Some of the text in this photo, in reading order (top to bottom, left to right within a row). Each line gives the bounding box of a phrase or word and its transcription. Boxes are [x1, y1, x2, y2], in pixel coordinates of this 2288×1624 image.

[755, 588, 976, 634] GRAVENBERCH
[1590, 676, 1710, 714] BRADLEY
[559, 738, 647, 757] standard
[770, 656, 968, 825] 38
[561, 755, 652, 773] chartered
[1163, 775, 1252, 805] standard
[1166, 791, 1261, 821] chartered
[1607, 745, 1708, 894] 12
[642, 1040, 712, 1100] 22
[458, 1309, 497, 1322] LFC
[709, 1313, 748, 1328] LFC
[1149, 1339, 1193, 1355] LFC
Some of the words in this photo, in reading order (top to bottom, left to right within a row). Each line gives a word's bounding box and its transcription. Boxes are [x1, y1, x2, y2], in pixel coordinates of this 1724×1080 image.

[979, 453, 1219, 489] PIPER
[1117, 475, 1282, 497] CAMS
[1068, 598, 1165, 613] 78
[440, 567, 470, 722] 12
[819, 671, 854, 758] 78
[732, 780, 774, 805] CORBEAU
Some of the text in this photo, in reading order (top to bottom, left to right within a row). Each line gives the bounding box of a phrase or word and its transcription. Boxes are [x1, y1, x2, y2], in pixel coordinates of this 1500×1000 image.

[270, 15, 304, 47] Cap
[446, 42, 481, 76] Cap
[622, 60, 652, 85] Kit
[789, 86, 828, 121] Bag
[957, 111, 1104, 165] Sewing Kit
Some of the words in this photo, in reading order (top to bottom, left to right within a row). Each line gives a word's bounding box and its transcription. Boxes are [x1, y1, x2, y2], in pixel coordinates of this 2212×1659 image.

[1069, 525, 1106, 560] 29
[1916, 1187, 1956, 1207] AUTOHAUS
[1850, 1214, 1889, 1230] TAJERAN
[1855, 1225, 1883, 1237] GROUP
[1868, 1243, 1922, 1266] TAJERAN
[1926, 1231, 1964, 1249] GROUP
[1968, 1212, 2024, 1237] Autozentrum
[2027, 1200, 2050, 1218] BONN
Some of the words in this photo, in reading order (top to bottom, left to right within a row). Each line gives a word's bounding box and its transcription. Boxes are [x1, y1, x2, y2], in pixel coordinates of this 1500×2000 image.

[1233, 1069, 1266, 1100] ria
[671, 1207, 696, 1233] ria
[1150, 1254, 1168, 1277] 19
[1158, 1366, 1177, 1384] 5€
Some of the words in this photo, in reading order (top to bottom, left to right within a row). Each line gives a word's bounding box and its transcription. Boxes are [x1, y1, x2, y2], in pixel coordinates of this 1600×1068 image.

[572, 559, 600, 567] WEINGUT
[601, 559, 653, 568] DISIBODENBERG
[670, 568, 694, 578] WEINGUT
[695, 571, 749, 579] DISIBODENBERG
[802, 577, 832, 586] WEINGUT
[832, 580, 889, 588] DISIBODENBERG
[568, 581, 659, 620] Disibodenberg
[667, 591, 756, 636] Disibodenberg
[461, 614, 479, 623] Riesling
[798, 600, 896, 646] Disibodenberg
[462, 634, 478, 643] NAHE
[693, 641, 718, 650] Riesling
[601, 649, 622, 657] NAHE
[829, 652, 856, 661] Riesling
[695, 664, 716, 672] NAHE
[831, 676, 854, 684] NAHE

━━━━━━━━━━━━━━━━

» What the exercise asks:
Send back each record exactly as it stands.

» Output:
Some of the text in this photo, in reading order (top to bottom, left to right within a row). Each line gives the bounding box of a phrase or word and its transcription. Boxes are [x1, y1, x2, y2], in pixel coordinates of this 2288×1624 image.

[755, 588, 976, 634] GRAVENBERCH
[1590, 676, 1710, 714] BRADLEY
[559, 738, 647, 757] standard
[770, 656, 968, 825] 38
[561, 755, 652, 773] chartered
[1163, 775, 1252, 805] standard
[1166, 791, 1261, 821] chartered
[1607, 745, 1708, 894] 12
[642, 1040, 712, 1100] 22
[458, 1309, 497, 1322] LFC
[709, 1313, 748, 1328] LFC
[1149, 1339, 1193, 1355] LFC
Some of the words in this photo, in reading order (top to bottom, left to right within a row). Each line gives a word's bounding box and its transcription. Boxes are [x1, y1, x2, y2], in pixel coordinates of this 1724×1080 image.

[979, 453, 1219, 489] PIPER
[1117, 475, 1282, 497] CAMS
[1068, 598, 1165, 613] 78
[440, 567, 470, 722] 12
[819, 671, 854, 758] 78
[732, 780, 774, 805] CORBEAU
Some of the text in this photo, in reading order (top to bottom, left to right within a row). Each line gives the bounding box of a phrase or word and its transcription. Boxes are [x1, y1, x2, y2], in pixel coordinates of this 1500×1000 image.

[270, 15, 304, 47] Cap
[446, 42, 481, 76] Cap
[622, 60, 652, 85] Kit
[789, 86, 828, 121] Bag
[957, 111, 1104, 165] Sewing Kit
Some of the words in this photo, in reading order (top to bottom, left to right within a row). Each line gives a word's bounding box and its transcription. Boxes are [x1, y1, x2, y2], in pixel coordinates of this 2212×1659 image.

[1069, 525, 1106, 560] 29
[1916, 1187, 1956, 1207] AUTOHAUS
[1850, 1214, 1889, 1230] TAJERAN
[1855, 1225, 1883, 1237] GROUP
[1868, 1243, 1922, 1266] TAJERAN
[1926, 1231, 1964, 1249] GROUP
[1968, 1212, 2024, 1237] Autozentrum
[2027, 1200, 2050, 1218] BONN
Some of the words in this photo, in reading order (top to bottom, left to right within a row). Each line gives a word's bounding box and its transcription. Boxes are [x1, y1, x2, y2], in pixel coordinates of this 1500×2000 image.

[1233, 1069, 1266, 1100] ria
[671, 1207, 696, 1233] ria
[1150, 1254, 1168, 1277] 19
[1158, 1366, 1177, 1384] 5€
Some of the words in this photo, in reading order (top to bottom, left to right within a row). Each line gives a word's bounding box and its transcription. Boxes are [x1, y1, x2, y2], in pixel coordinates of this 1600×1068 image.

[572, 559, 600, 567] WEINGUT
[601, 559, 653, 568] DISIBODENBERG
[670, 568, 694, 578] WEINGUT
[695, 571, 749, 579] DISIBODENBERG
[802, 577, 832, 586] WEINGUT
[832, 580, 889, 588] DISIBODENBERG
[568, 581, 659, 620] Disibodenberg
[667, 591, 756, 636] Disibodenberg
[461, 614, 479, 623] Riesling
[798, 600, 896, 646] Disibodenberg
[462, 634, 478, 643] NAHE
[693, 641, 718, 650] Riesling
[601, 649, 622, 657] NAHE
[829, 652, 856, 661] Riesling
[695, 664, 716, 672] NAHE
[831, 676, 854, 684] NAHE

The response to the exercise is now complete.